Of course they forget; I did. So did whoever came into our chambers, if anyone. I watch the picture flicker to 17-B. It’s a view of the hallway outside the judges’ elevator on the seventeenth floor. On the wall hangs a fake parchment copy of the Constitution. Our floor is next.

“Yeow!” Ray hoots as soon as the scene changes. Eletha is photocopying at the Xerox machine, her back to the camera. Her skirt clings softly to her curves, and with her back turned you can’t see how haggard she looks today. “Now ain’t that pretty?” he says, in a tone men usually reserve for touchdown passes and vintage Corvettes.

Worrell grunts. “She’s all right.”

Ray gives him a solid shove. “Listen to you, ‘She’s all right.’ Shit, man!
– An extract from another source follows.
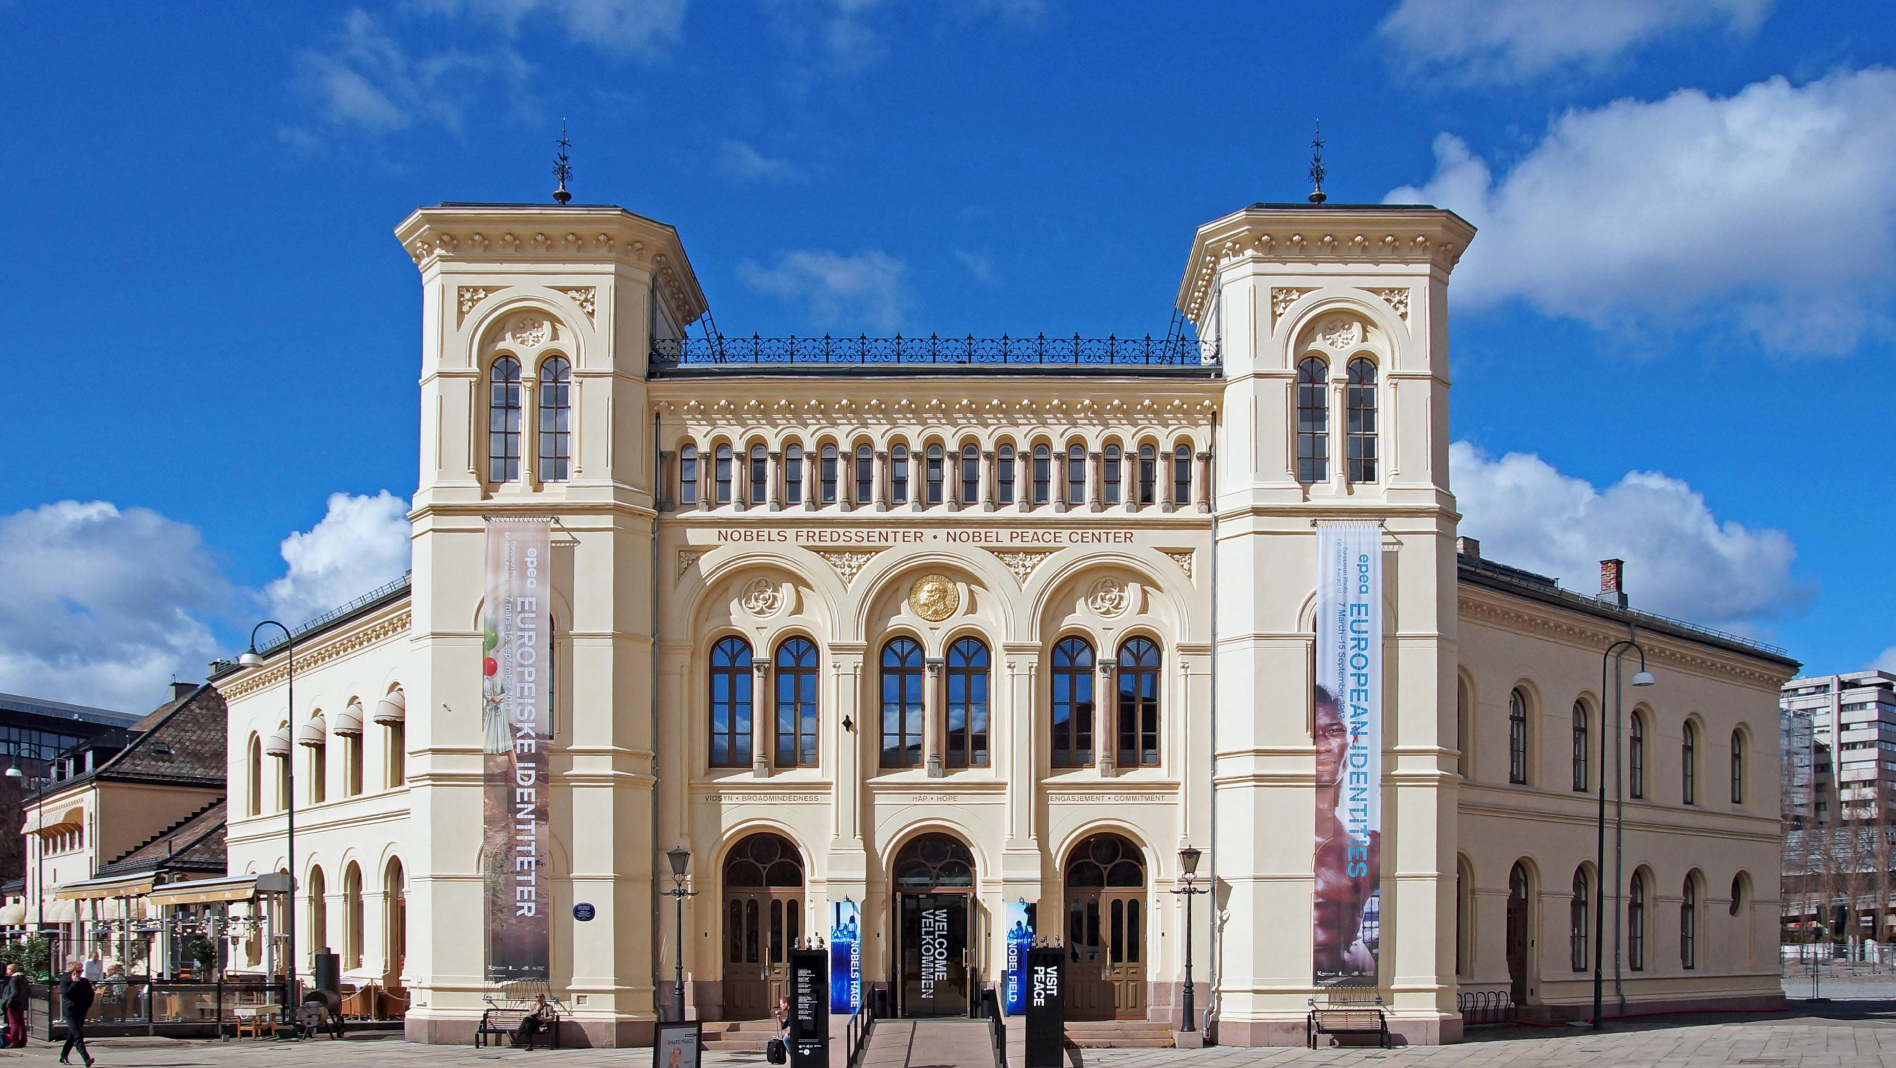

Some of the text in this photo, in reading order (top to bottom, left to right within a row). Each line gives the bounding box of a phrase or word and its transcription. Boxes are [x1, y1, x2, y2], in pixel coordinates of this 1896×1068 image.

She’s more than all right, she’s fine. And she’s mine, all mine. Right, Grace? Grace?”

“Right,” I say, preoccupied by the scene on the TV screen, which shows Eletha walking down the hall and into chambers. Bingo. The camera would have seen whoever came into chambers last night, wherever they came from. “Where’s the tape?”

Worrell looks at me blankly. “What tape?”

“The tape. The tape of what the camera saw last night.”

“We don’t tape.”

“What?”

“There’s no tape, lady.”

“I don’t understand.” I look at Ray for confirmation.

“I coulda told you that, Grace,” he says.

I don’t believe this. “At the MAC machine they tape. Even in the Seven-Eleven they tape.”

“Seven-Eleven’s got the money. This is the U.S. government. You’re lucky we got the goddamn judges.”

Ray looks embarrassed. “Downstairs we tape. The monitors at the security desk, they tape the stairwell and the judges’ garage. Just not here.”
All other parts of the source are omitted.